Tens of thousands of anti-government demonstrators flooded Venezuela’s capital Caracas yesterday to protest President Nicolás Maduro after three years of recession, extreme inflation, and a severe lack of basic goods. The protestors are asking for a recall referendum to be held this year, when an opposition politician has a chance of winning. If the referendum is held after January 10, 2017 and Maduro is removed from office, then his Vice President – a member of the United Socialist Party like Maduro – will take over, ensuring the Socialists retain power.

Government supporters also took to the streets yesterday in a series of countering protests. Extra police and troops were stationed around the city, in case violence broke out. Notably, the military did not suppress the demonstrations.

The Venezuelan military could be a force of stability or instability in the country. On the one hand, it is responsible for supplying food and medicine to an increasingly hungry and sick populace. On the other, the Maduro government is so reliant upon the military that it has the power to create significant instability (for example, in the form of a coup) in order to bring about future democratic stability.

The military has yet to confront the increasingly authoritarian President Maduro. In fact, in some ways, the military seems more intertwined with Maduro than it was with former President Hugo Chávez. This is due partially to the military’s new role following Chávez’s rise to power and partially to Maduro’s maneuvering to keep the military close.

Former U.S. Ambassador to Venezuela Patrick Duddy (2007-2010) explains that Chávez relied heavily on the military, understanding its power, but also “sought to transform the military into an element of the Bolivarian Revolution.” That means that much of the military identifies with the United Socialist Party (the product of Chávez’s Bolivarian Revolution) and, as such, wants to keep that party in power.

Likewise, Maduro wants to be on good terms with the military both for its political support and for the basic stability it provides through its power. Duddy, now Director of the Center for Latin American and Caribbean Studies at Duke University, comments that “the military appears to be playing an even more prominent role” under the Maduro government, compared to the Chávez administration.

Last month, Maduro appointed Defense Minister General Vladimir Padrino López (pictured) to the head of the Sovereign Supply Mission, a food supply system. “The military has been assigned to control the country’s ports, borders, and food distribution system in an effort to tamp down on smuggling and black markets,” Harold Trinkunas tells The Cipher Brief.

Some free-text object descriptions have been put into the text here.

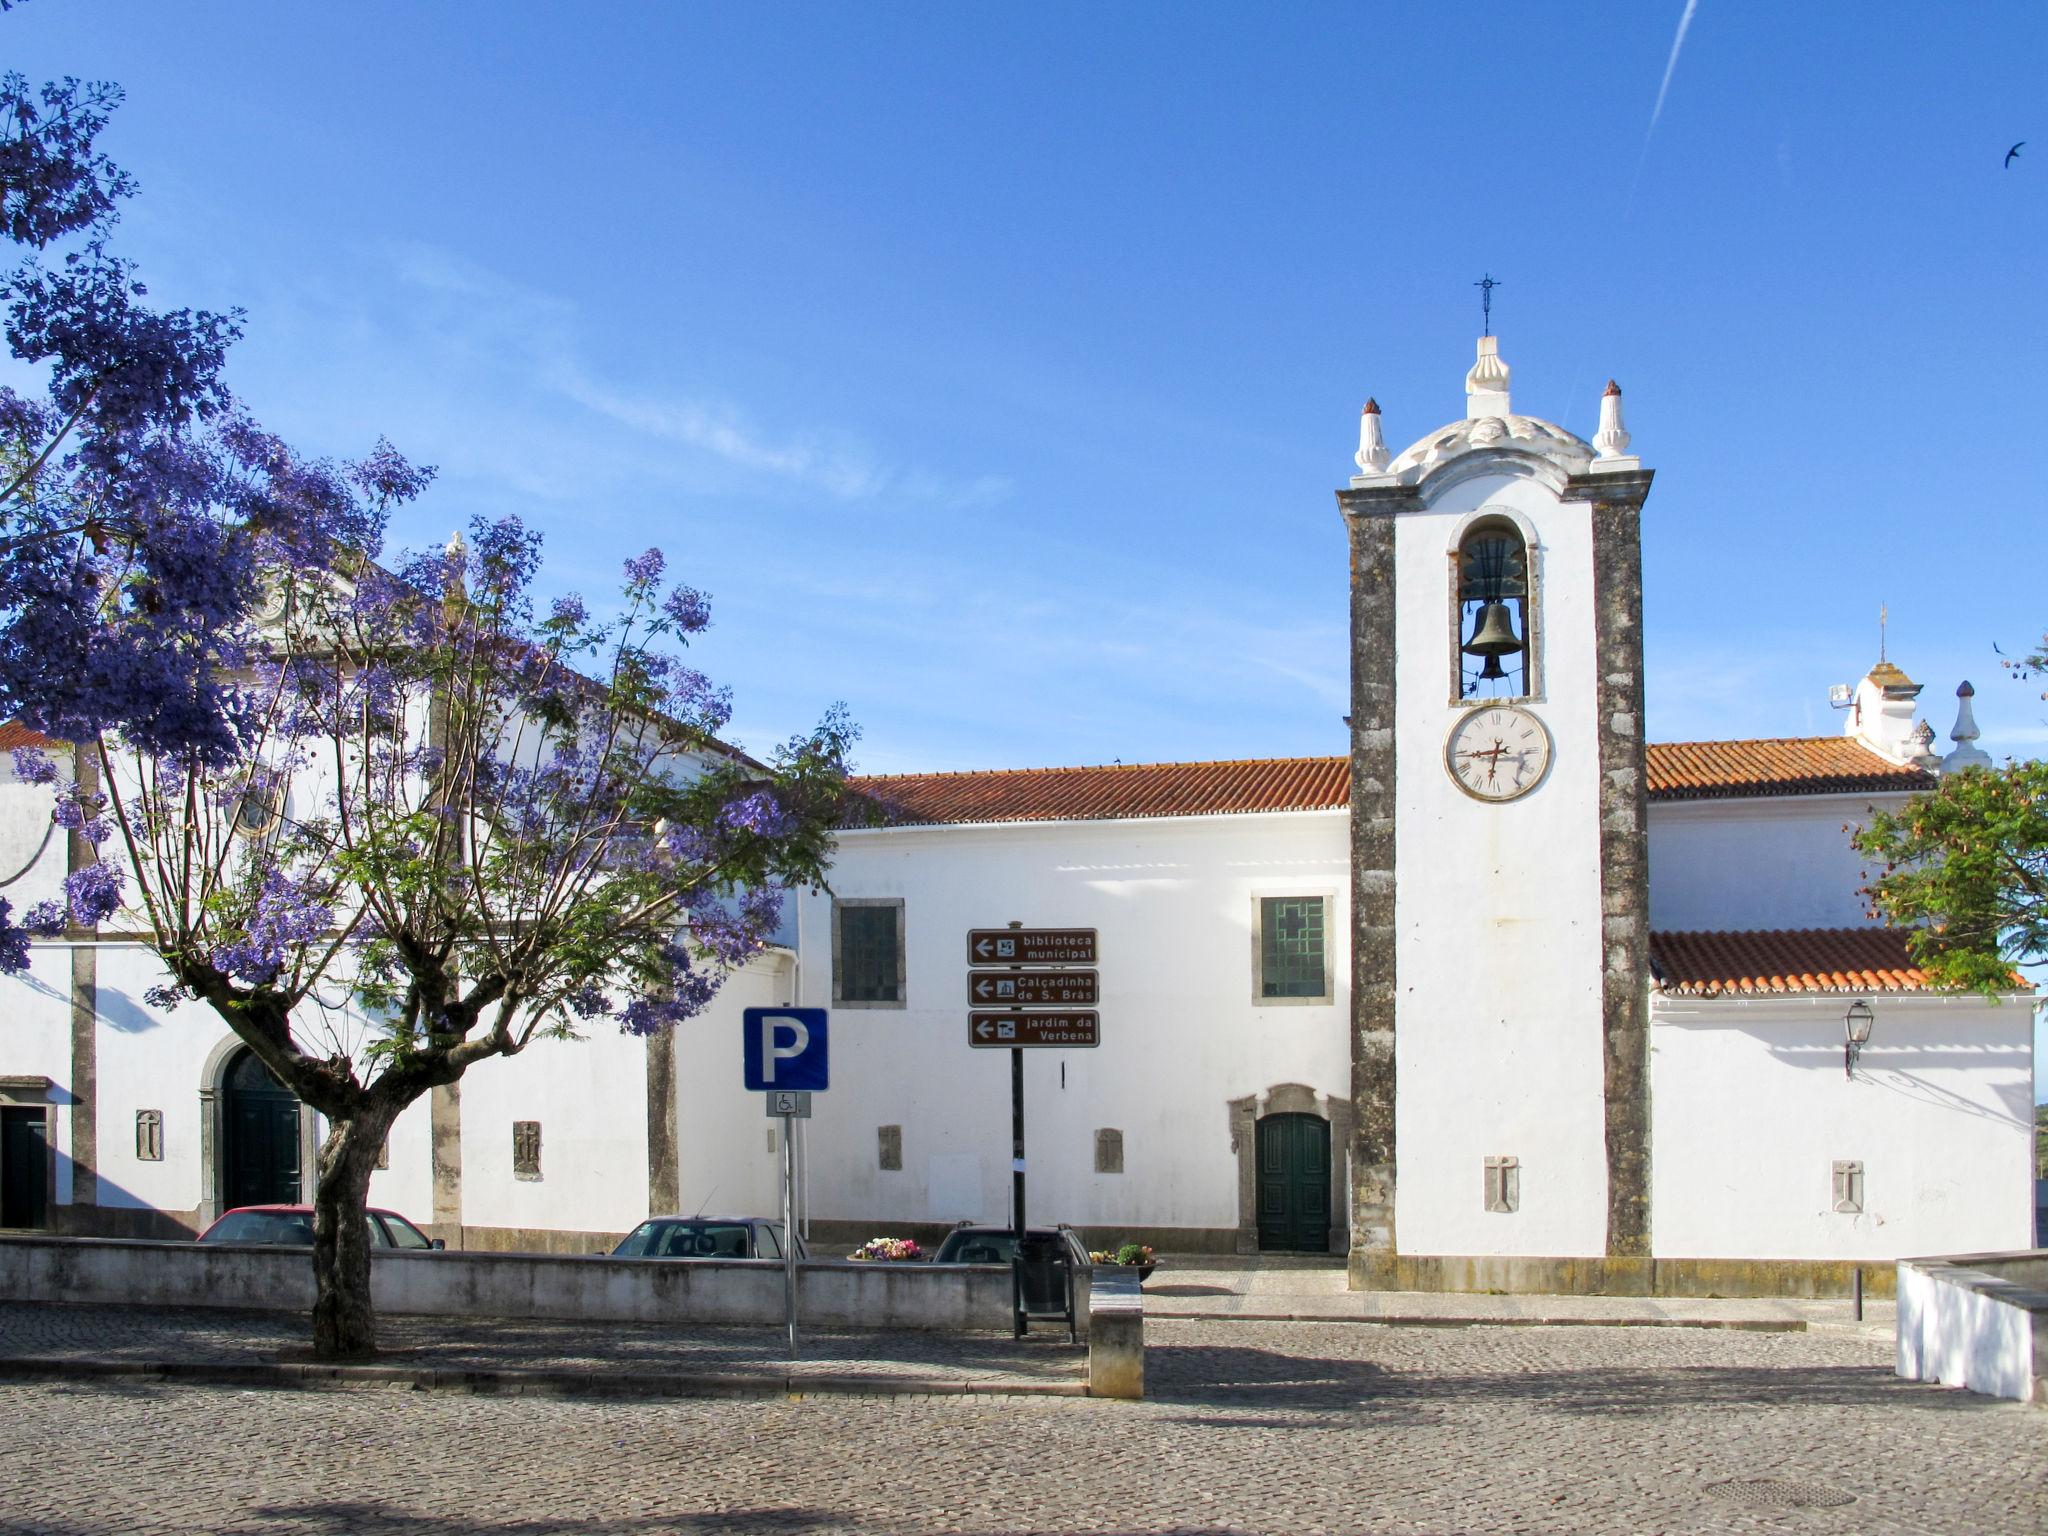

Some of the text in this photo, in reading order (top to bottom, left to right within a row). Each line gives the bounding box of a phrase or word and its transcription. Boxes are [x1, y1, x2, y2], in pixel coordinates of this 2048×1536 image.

[1024, 936, 1092, 946] biblioteca
[1028, 949, 1092, 959] municipal
[1017, 978, 1092, 988] Calçadinha
[1018, 991, 1033, 1000] de
[1041, 990, 1054, 1000] S.
[1027, 1018, 1092, 1029] jardim da
[1040, 1031, 1092, 1040] Verbena
[762, 1016, 809, 1082] P

Trinkunas, who is Director of the Latin America Initiative at the Brookings Institution, explains that this “formalizes a role the military already has and also allows President Maduro to give the appearance of doing something about the shortages.” In this sense, the military is actively helping to stabilize a nation facing triple digit inflation and a serious scarcity of goods.

Still, Trinkunas points out that the Venezuelan military is “riven by multiple internal divisions,” including between those who believe in Bolivarianism and those who do not. As public discontent with the Maduro administration grows, it seems more and more likely the military will want to distance itself from the leader who many blame for Venezuela’s current economic crisis.  At the same time as it helps stabilize the country, it does not want to be remembered as complicit with a failed government that ran its country into the ground.

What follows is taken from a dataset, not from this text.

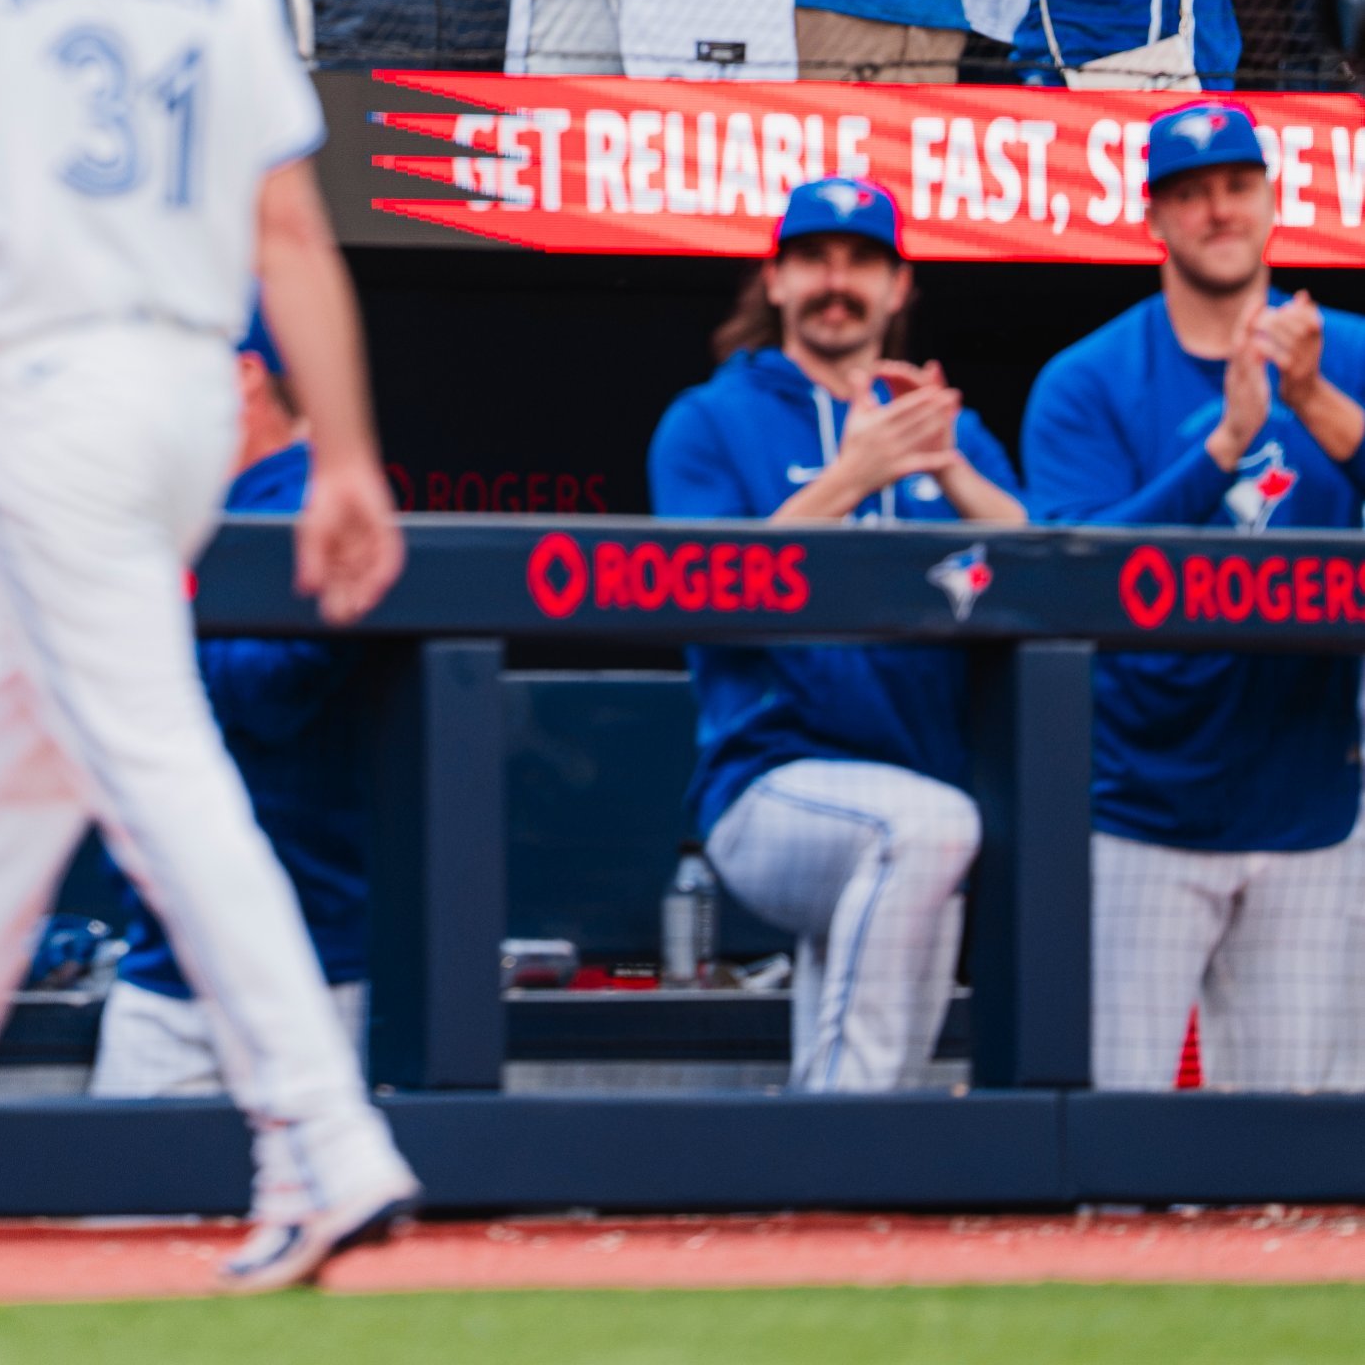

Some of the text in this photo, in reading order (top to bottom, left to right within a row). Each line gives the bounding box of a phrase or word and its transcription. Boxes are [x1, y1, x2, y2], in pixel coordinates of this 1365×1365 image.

[51, 26, 203, 210] 31
[910, 116, 1070, 234] FAST,
[594, 541, 811, 611] ROGERS

So while there has not yet been a coup attempt against Maduro in response to public discontent and in the name of future democratic stability, it is likely the military is becoming increasingly indifferent to, if not yet openly supportive of, Maduro’s removal, as long as the Socialist party remains in power. 

What may be most palatable for the military now is to continue its role as both a stabilizing and destabilizing force – continuing its work in distributing food and other basic necessities to a largely impoverished nation, while allowing Maduro to lead with an iron fist until at least January.